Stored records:
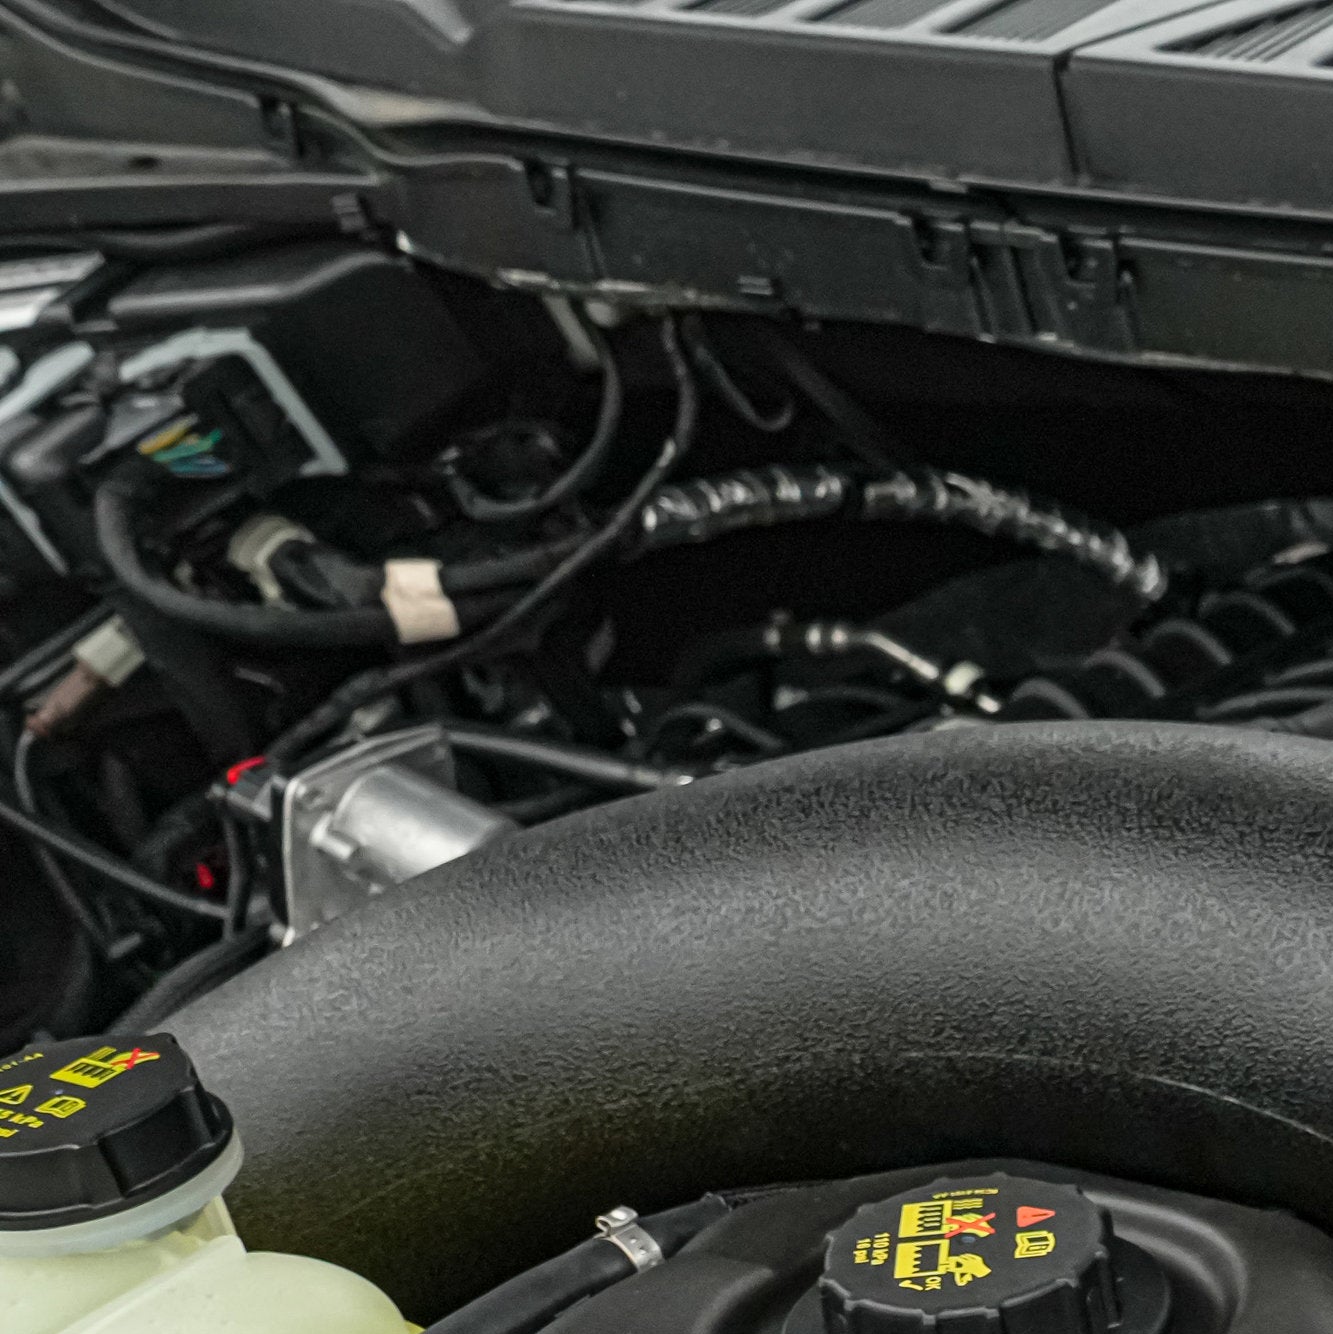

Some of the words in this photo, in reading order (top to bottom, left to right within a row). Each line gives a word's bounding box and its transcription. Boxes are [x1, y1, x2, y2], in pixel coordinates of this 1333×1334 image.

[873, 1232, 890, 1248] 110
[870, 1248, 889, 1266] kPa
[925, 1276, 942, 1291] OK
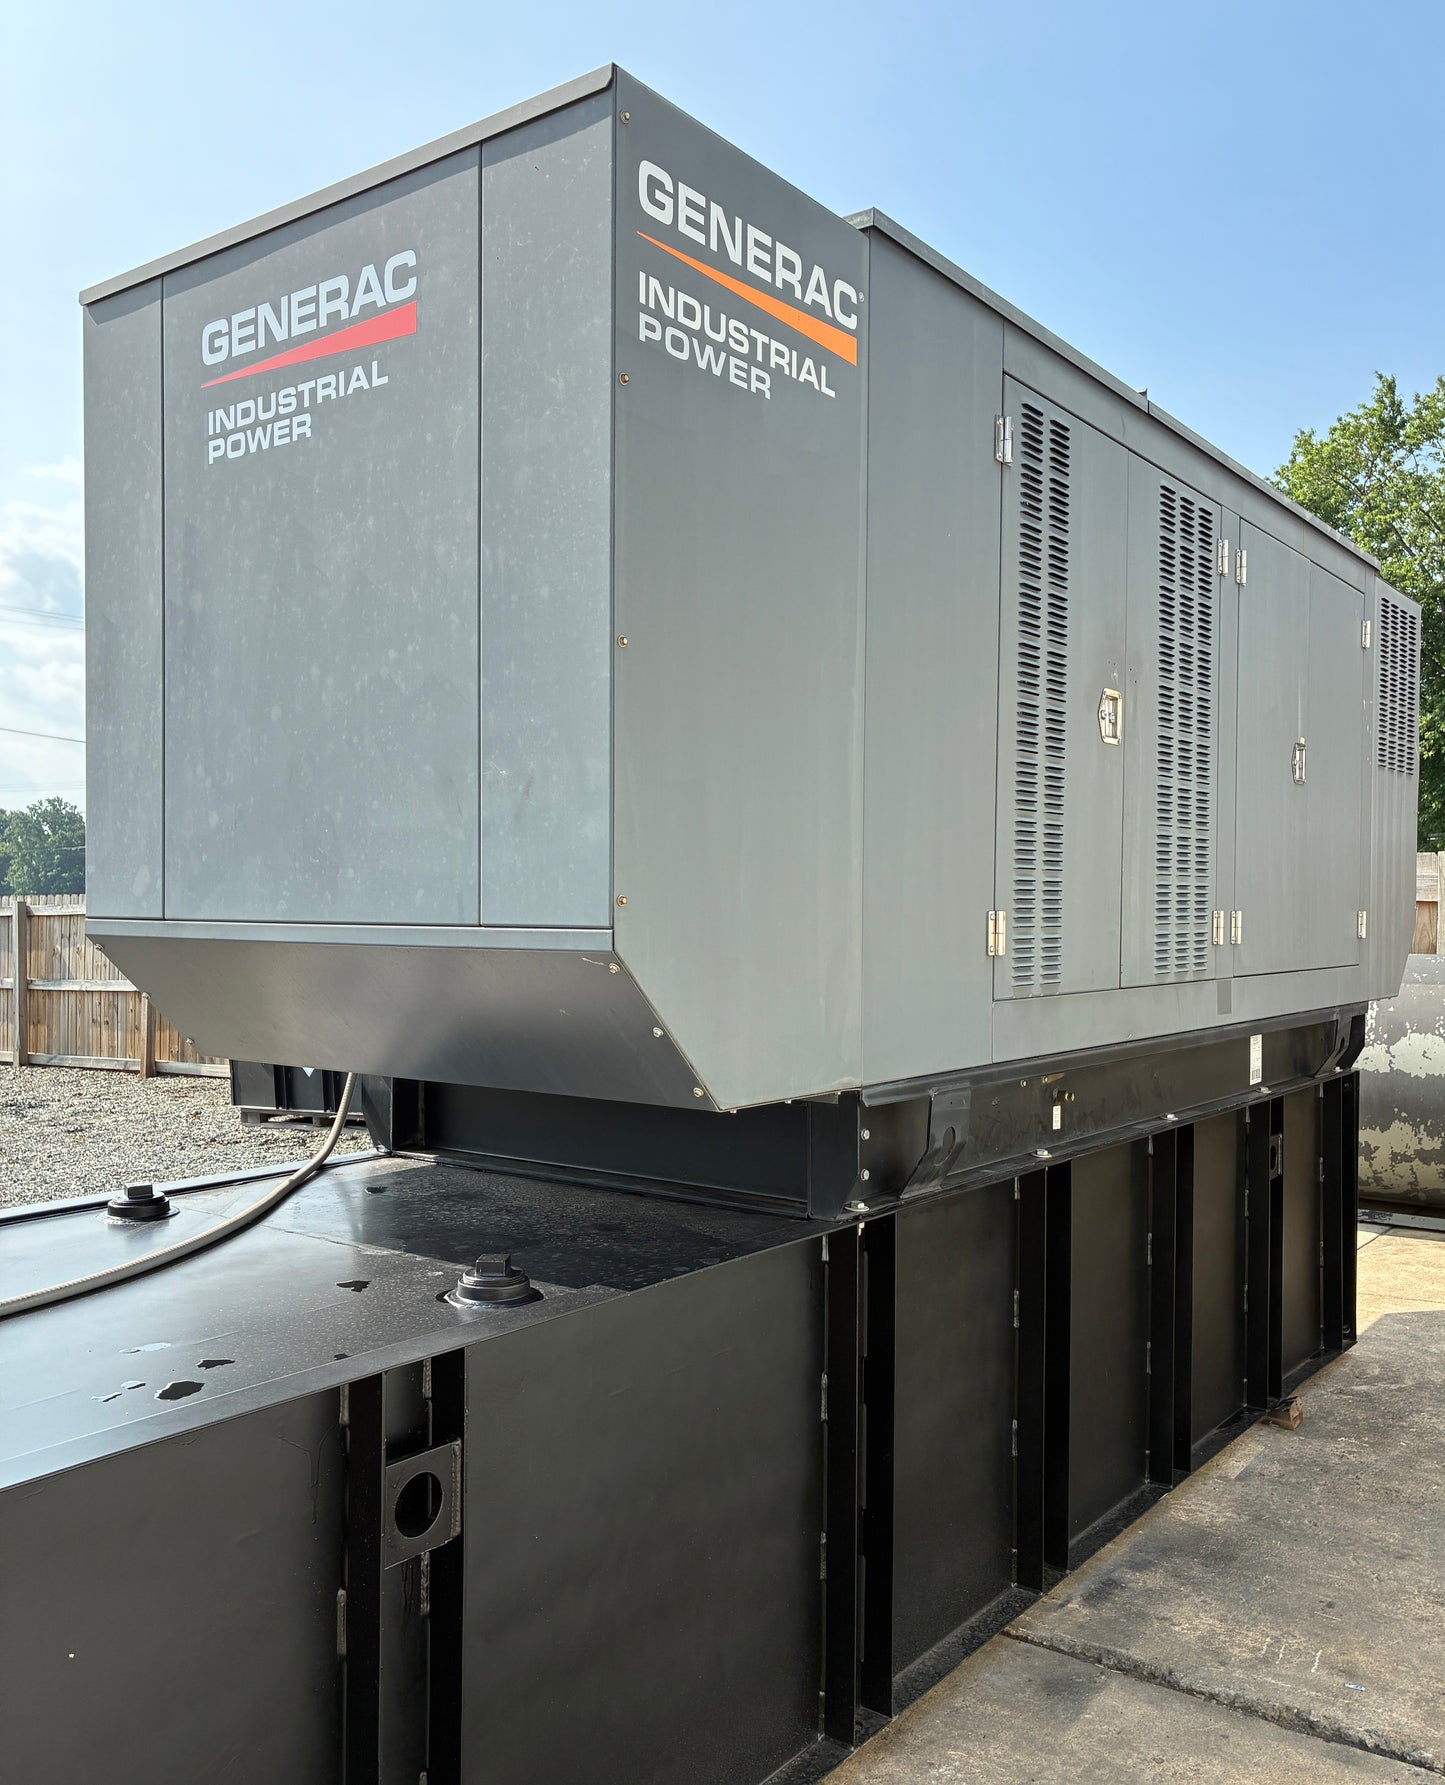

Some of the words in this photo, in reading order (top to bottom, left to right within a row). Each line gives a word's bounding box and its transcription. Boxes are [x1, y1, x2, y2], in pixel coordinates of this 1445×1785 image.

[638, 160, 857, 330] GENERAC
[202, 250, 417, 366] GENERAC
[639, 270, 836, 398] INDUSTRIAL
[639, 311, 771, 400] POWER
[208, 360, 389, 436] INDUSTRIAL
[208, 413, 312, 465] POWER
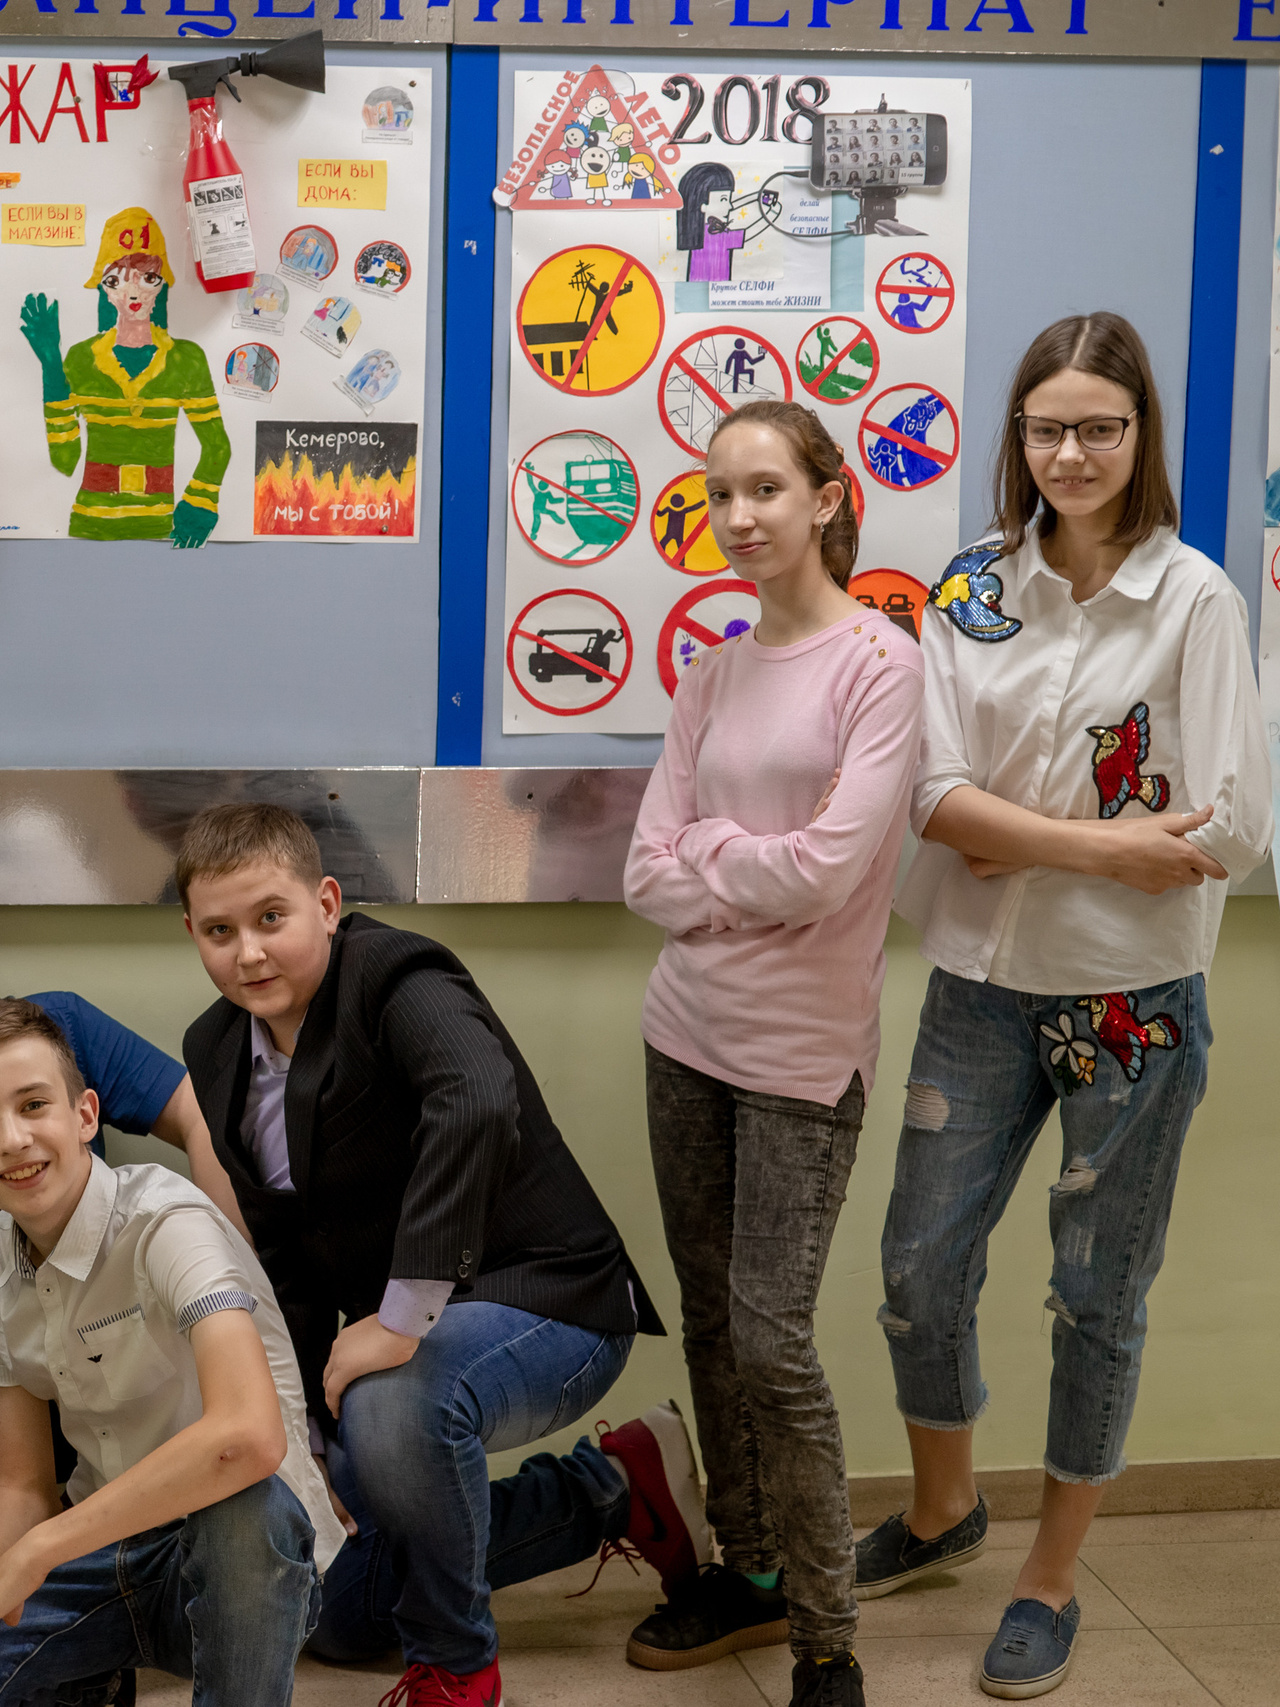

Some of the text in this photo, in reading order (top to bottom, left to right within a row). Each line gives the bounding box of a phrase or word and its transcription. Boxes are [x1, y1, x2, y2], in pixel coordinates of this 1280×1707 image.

**TASK DESCRIPTION:** Repeat each line of the records exactly. Do not include the pictures.

**PROBLEM SOLUTION:**
Some of the words in this photo, in reading order (top to bottom, left to right within a row). Each line gives a word's bounding box and its transcription. Boxes are [x1, y1, x2, y2], in pixel coordinates of this 1333×1334 image.

[873, 1232, 890, 1248] 110
[870, 1248, 889, 1266] kPa
[925, 1276, 942, 1291] OK

Some of the words in this photo, in reading order (top to bottom, left to right within a row). Each line gives a word's bounding box and its transcription. Boxes are [x1, y1, x2, y2], in pixel coordinates of this 1445×1785 image.

[638, 160, 857, 330] GENERAC
[202, 250, 417, 366] GENERAC
[639, 270, 836, 398] INDUSTRIAL
[639, 311, 771, 400] POWER
[208, 360, 389, 436] INDUSTRIAL
[208, 413, 312, 465] POWER

Some of the text in this photo, in reading order (top to bottom, left to right within a row). Each line gives the bounding box of a phrase or word and its transcription. Boxes are [x1, y1, x2, y2], in pixel coordinates of this 1280×1707 image.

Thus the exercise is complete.